Узнал я и другое, накануне до поздней ночи изучая личные дела летчиков. Характеристики очень похожи одна на другую: здоровы, любят летное дело. Однако наряду с положительными сторонами отмечались и недостатки. У Зуба самовольные отлучки, вспыльчивость, иногда своеволие. Белов, видимо, пытался повлиять на товарища, но не умел этого сделать и сам зачастую становился соучастником нарушения. Складывалось впечатление, что с Зубом и Беловым работать будет трудно. И все же я решил друзей не разлучать. Надеялся, что командир эскадрильи и звена, комсомольская организация помогут им выбрать правильную дорогу.

Вот только в какую эскадрилью их направить? Мне как командиру полка принадлежит право окончательно решить, куда включить молодых летчиков. Воспитателей хороших много. Взять хотя бы Туркина или Баркова. Отличные командиры эскадрилий. Оба они справятся с подготовкой молодежи. Но Зуб и Белов потребуют особого подхода. К кому же их направить?

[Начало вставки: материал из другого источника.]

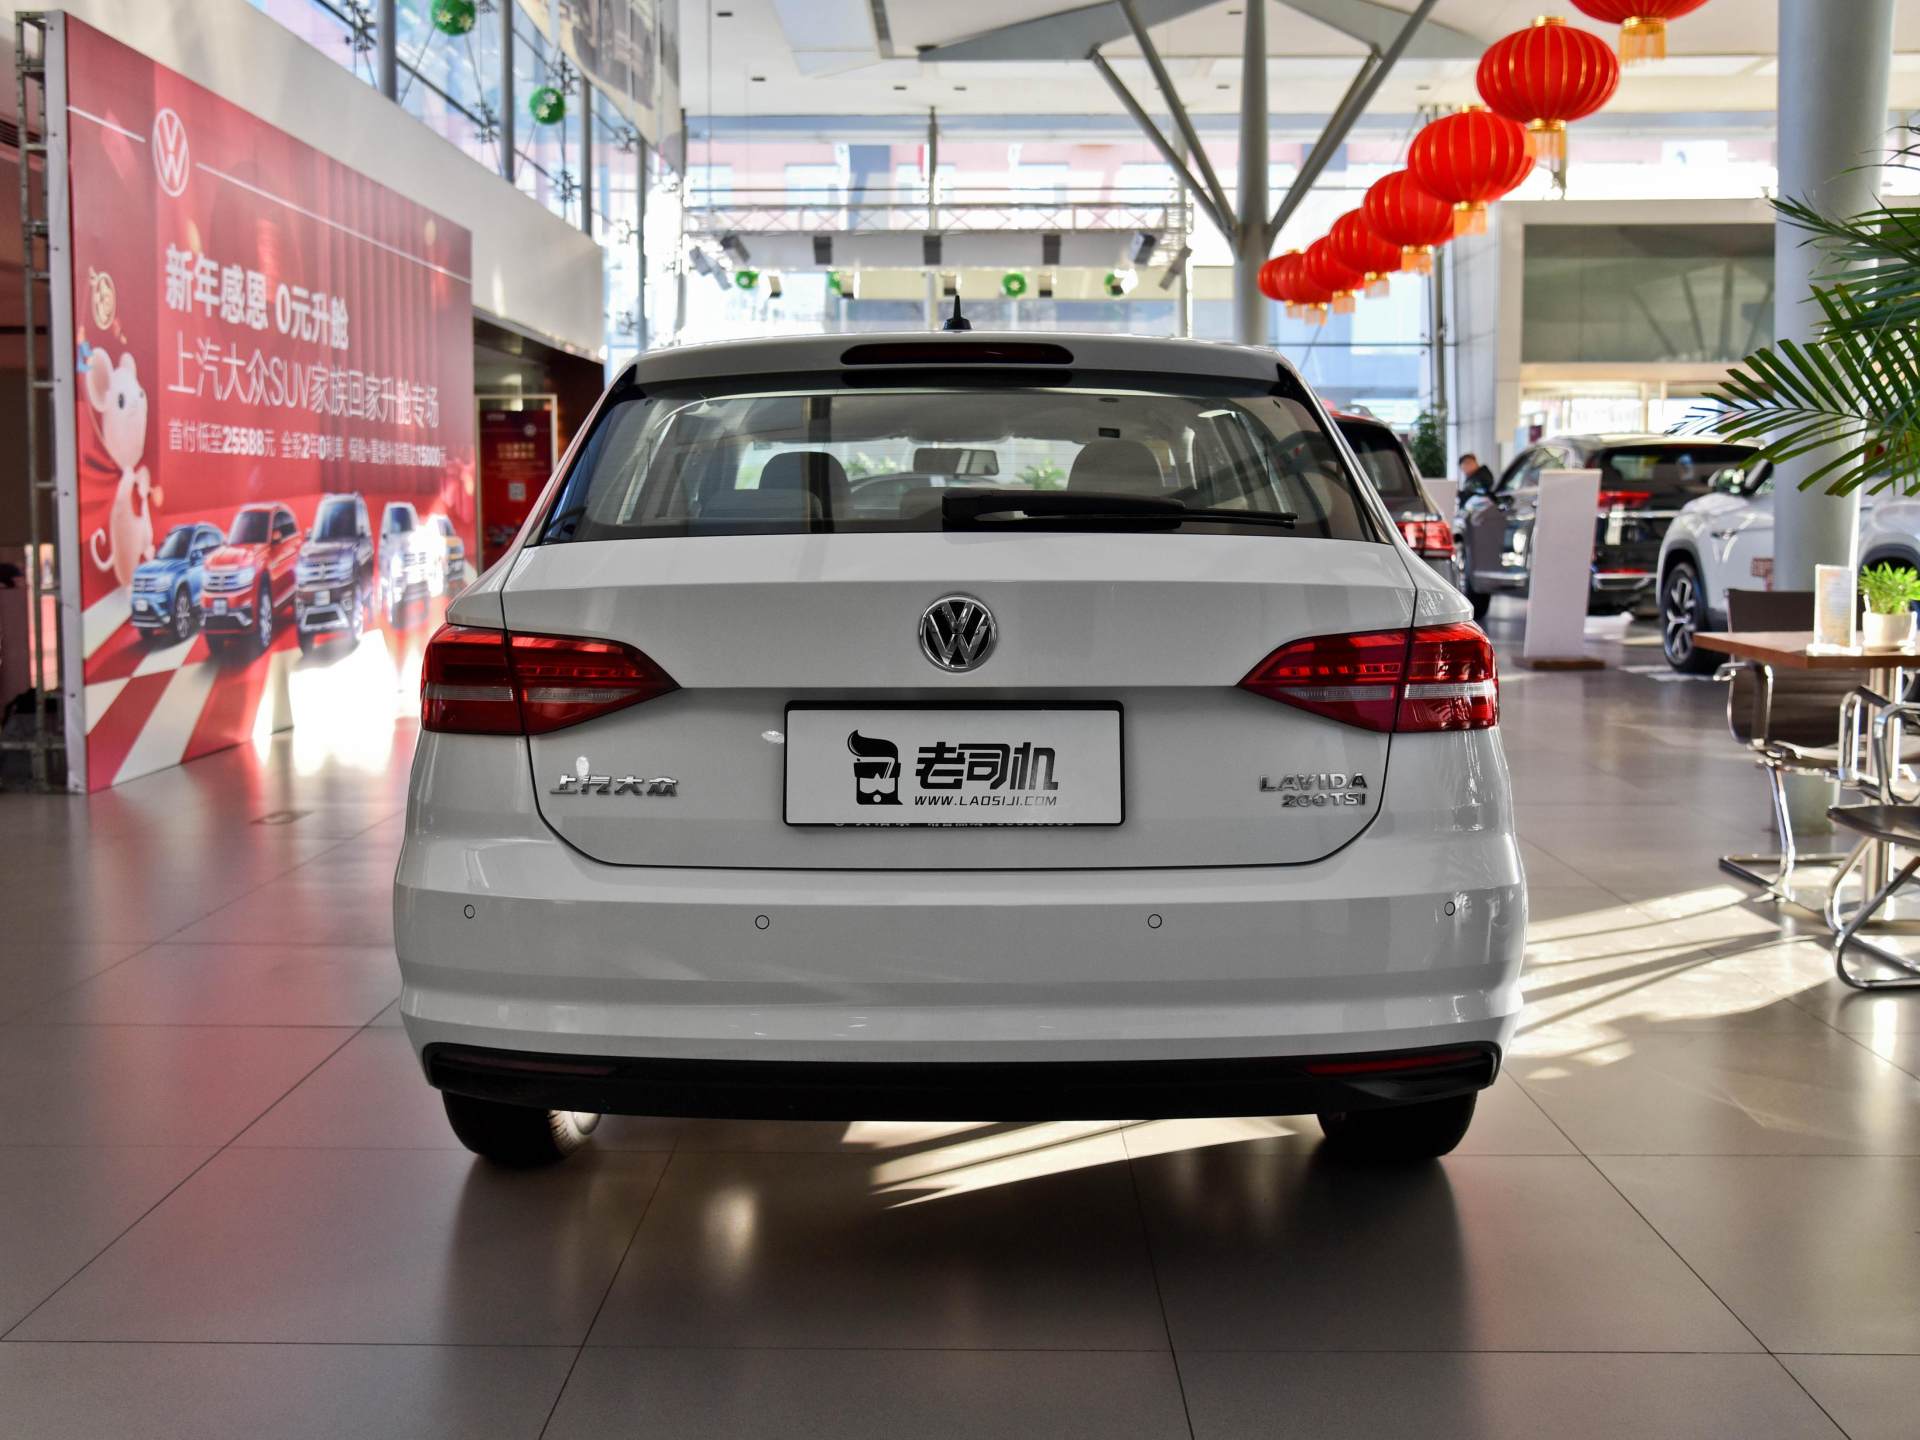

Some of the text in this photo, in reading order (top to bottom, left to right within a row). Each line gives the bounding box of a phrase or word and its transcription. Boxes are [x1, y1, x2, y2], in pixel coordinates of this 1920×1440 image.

[165, 243, 270, 331] 新年感恩
[275, 283, 350, 350] 0元升舱
[915, 741, 1058, 790] 老司机
[1260, 772, 1368, 792] LAVIDA
[914, 795, 1057, 806] WWW.LAOSIJI.COM
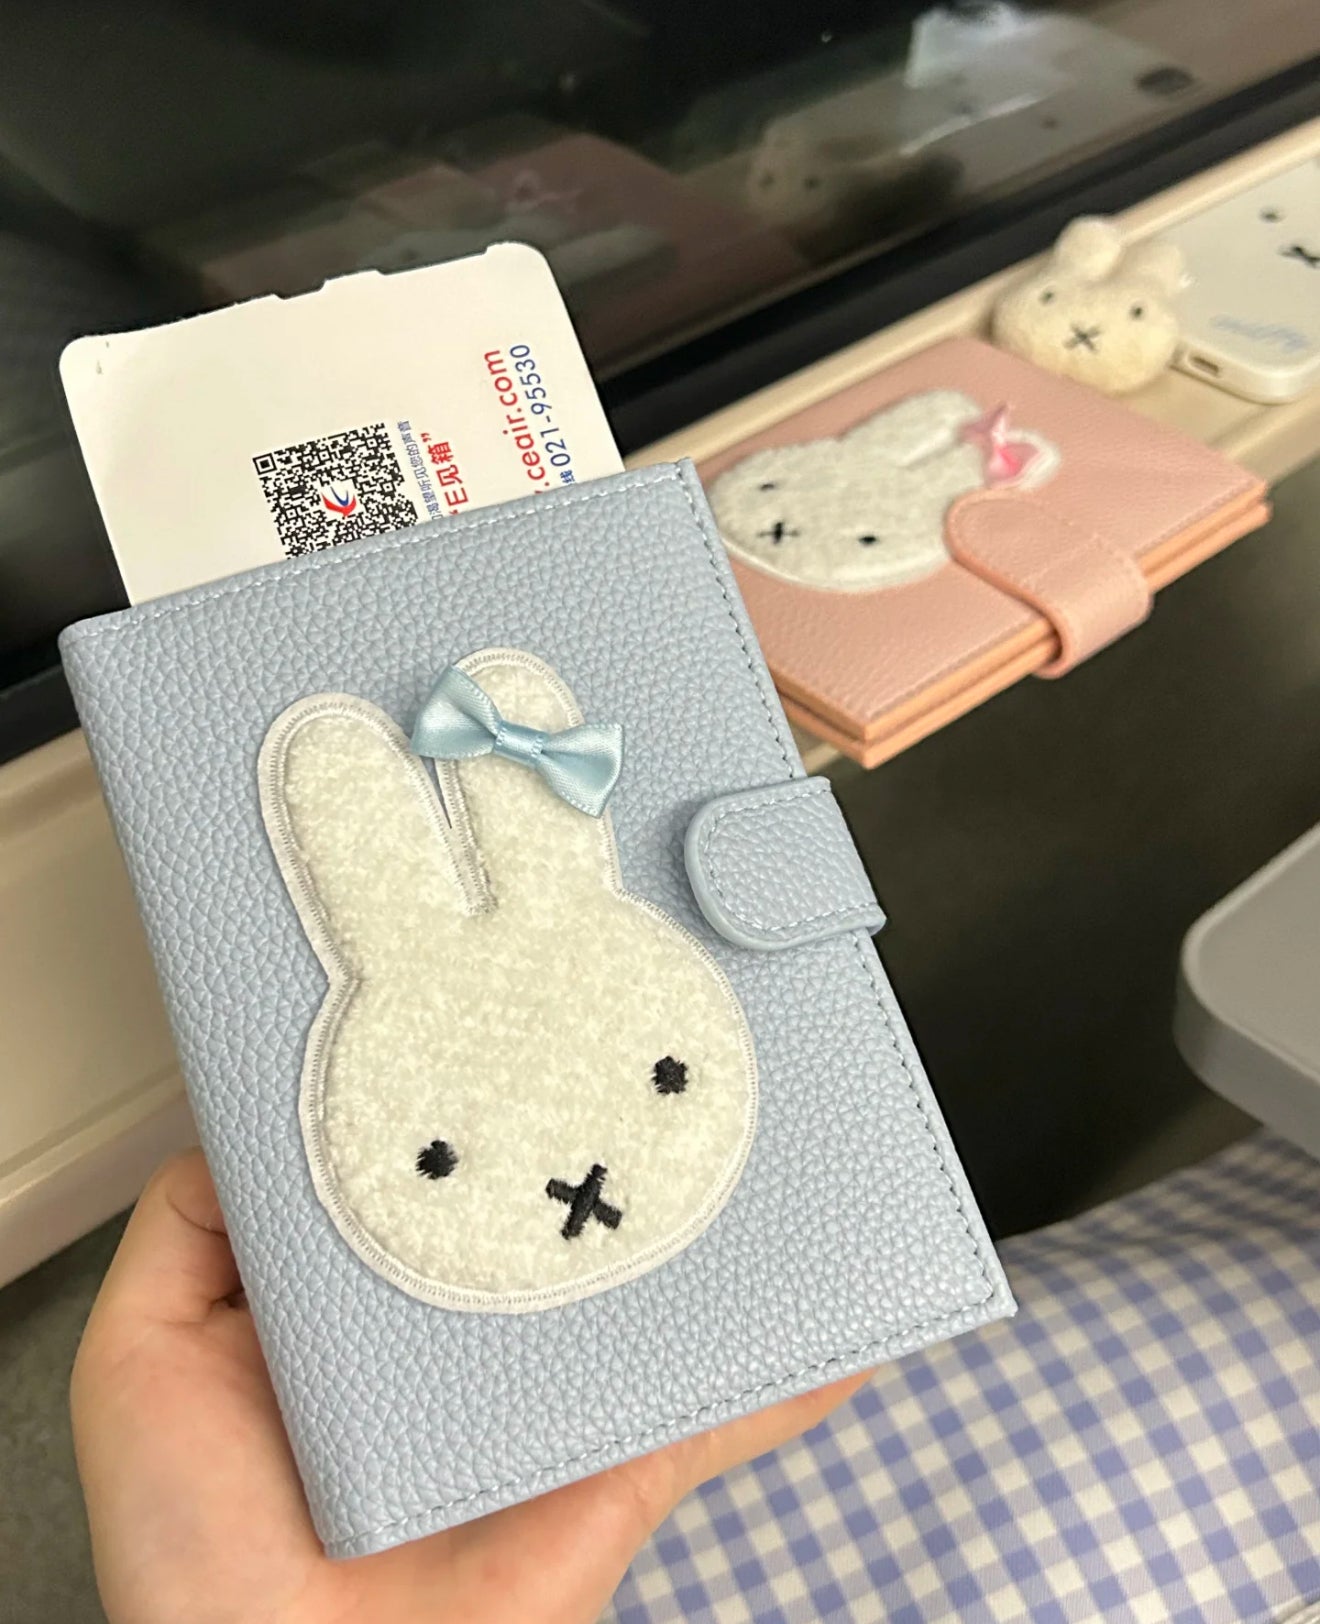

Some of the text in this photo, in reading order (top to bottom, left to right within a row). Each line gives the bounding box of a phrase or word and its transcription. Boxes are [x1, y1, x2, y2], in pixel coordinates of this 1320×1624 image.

Туркин как летчик, пожалуй, сильнее и неутомимее Баркова. Его любят и уважают за отзывчивость и работоспособность.

Барков молчаливее, строже. Не прощает нарушений. Летчики его побаиваются, а некоторые даже недолюбливают. Он это знает, но не смущается: «Я командир — пусть уважают и боятся, лишь бы дело шло».

В этой эскадрилье лучший командир звена капитан Шепелев. По технике пилотирования он один из самых сильных в полку. А это качество ценится среди летного состава гораздо больше других.

Решаю назначить Зуба и Белова в эскадрилью Баркова. Его требовательность не будет лишней для наших новых друзей. [134]

А вот и сами командиры эскадрилий пришли доложить, что молодых летчиков собрали.

— Разрешите?

Оба входят в кабинет. У обоих в глазах вопрос: «Как решил командир?»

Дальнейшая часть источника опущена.